Shadow assembly a step backwards

Posted By: March 28, 2018

IRISH CONGRESSIONAL BRIEFING
Distributed by Irish National Caucus

“The whole point of Ulster unionism was to avoid living on equal terms with the rest of the people on the island. What they need to be considering now is how to ensure in the near future they guarantee their position so they can live on equal terms with the rest of the people on the island.
Shadow assembly a step backward

Brian Feeney. Irish News. Belfast. Wednesday, March 28, 2018

The DUP don’t want another Executive, at least not while they hold the balance of power at Westminster. And that dirty deal the desperate Theresa May did with the party has also altered the balance of power in the DUP and in The North, all for the worse.

Most of the DUP MPs were members of the dirty dozen who tried in 2006 to stop Paisley signing up to the St. Andrews Agreement which they correctly saw as a fig leaf covering their embarrassment for operating the Good Friday Agreement which they all opposed. Over the years from 2007,  Peter Robinson managed to offload from Stormont these yesterday’s men, these dinosaur-denying dinosaurs, as some Tory MPs call them, to Westminster. It didn’t count after devolution.

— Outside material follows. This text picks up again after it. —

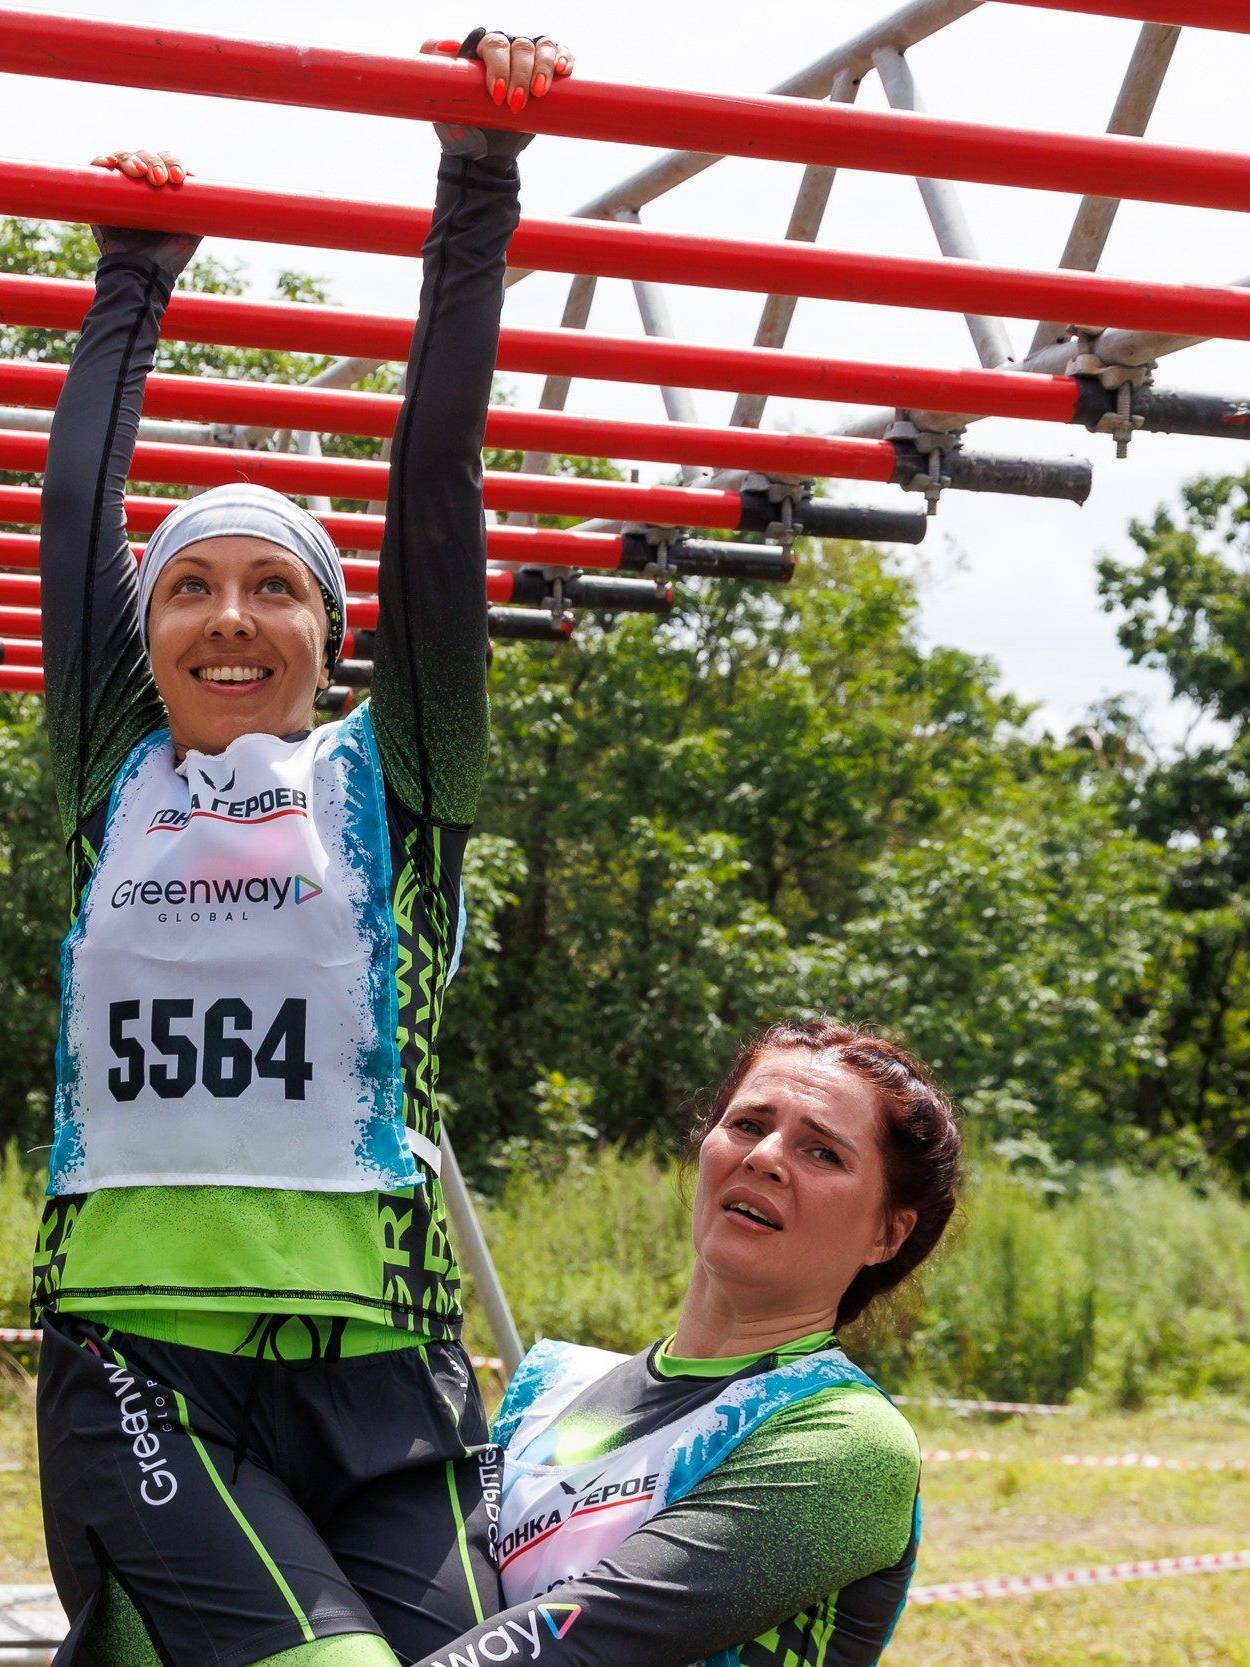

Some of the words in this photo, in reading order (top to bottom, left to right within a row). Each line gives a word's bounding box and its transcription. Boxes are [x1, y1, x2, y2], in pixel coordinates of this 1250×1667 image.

Who would have thought 2017 would see the release of the sequel, The Return of the Zombies? Naturally, they want to go back to the future. On a weekly basis, one or other of them will call for direct rule by which of course they mean ‘DUP rule’ since our current proconsul—surely the blankest political nonentity since Humphrey Atkins— shamelessly agrees to anything a DUP MP asks her.

A variant on the request for the direct rule is to repeat the disingenuous line that they are happy to return to an executive immediately ‘without preconditions’ by which they mean they want to go back to behaving the way they did that caused the collapse of the institutions in The North in the first place. They know it’s not going to happen because Sinn Féin couldn’t agree to it. That’s why they keep saying it,  yet few journalists here ever challenge its inherent nonsense. Both mantras are simply ways to avoid sharing power with Sinn Féin which the MPs never wanted to do.

The latest ploy to avoid sharing power is to ask for a Shadow Assembly. It’s a demonstration of the disgraceful compliance with the DUP that our proconsul even agrees to consider such nonsense. Apart from avoiding sharing power here, it’s an obvious attempt to avoid their MLAs losing £13,000 a year and their extravagantly subsidized nosh up at Stormont.

On previous occasions when northern secretaries agreed to unionist-inspired talking shops, the Prior assembly in 1982 and the so-called Forum in the now demolished Belfast Co-op building both Sinn Féin and the SDLP boycotted them. Why? They were both steps backward from power-sharing, and nothing can work in the absence of the representatives of the nationalist community, 41 percent of the voters in June last year. If you can have power-sharing in 1974, you can have it in 2018. It’s an outrage that a British proconsul should even contemplate anything less, especially to placate those refusing to share power.

In fact, there’s an argument that we’ve gone beyond talks about sharing power. The fact that the DUP’s dinosaurs control the party and, on last weekend’s conference performance, fit with their party leader’s tiny political world, means the DUP is incapable of considering the wider picture. One of the reasons for their emphasis on Westminster and refusal to do a deal in The North is that they are in denial, publicly anyway, about the real dynamic in The North; a political, social, economic and demographic change which we’ve begun to see in evidence in the last year.

Instead of talking about rules for running Stormont and managing the cruder manifestations of old-style unionist supremacy like flags, emblems and marches through Catholic districts,  Unionists should be sitting down to talk about their children’s future on this island, their relations with the Irish government as well as northern Nationalists.

As you’ve read here before it’s better, they do it now when they’re on almost equality in numbers in Stormont rather than when they inevitably slip into minority status. The whole point of Ulster unionism was to avoid living on equal terms with the rest of the people on the island. What they need to be considering now is how to ensure in the near future they guarantee their position so they can live on equal terms with the rest of the people on the island.

Clinging to Westminster only postpones the time when the real talks about future begin.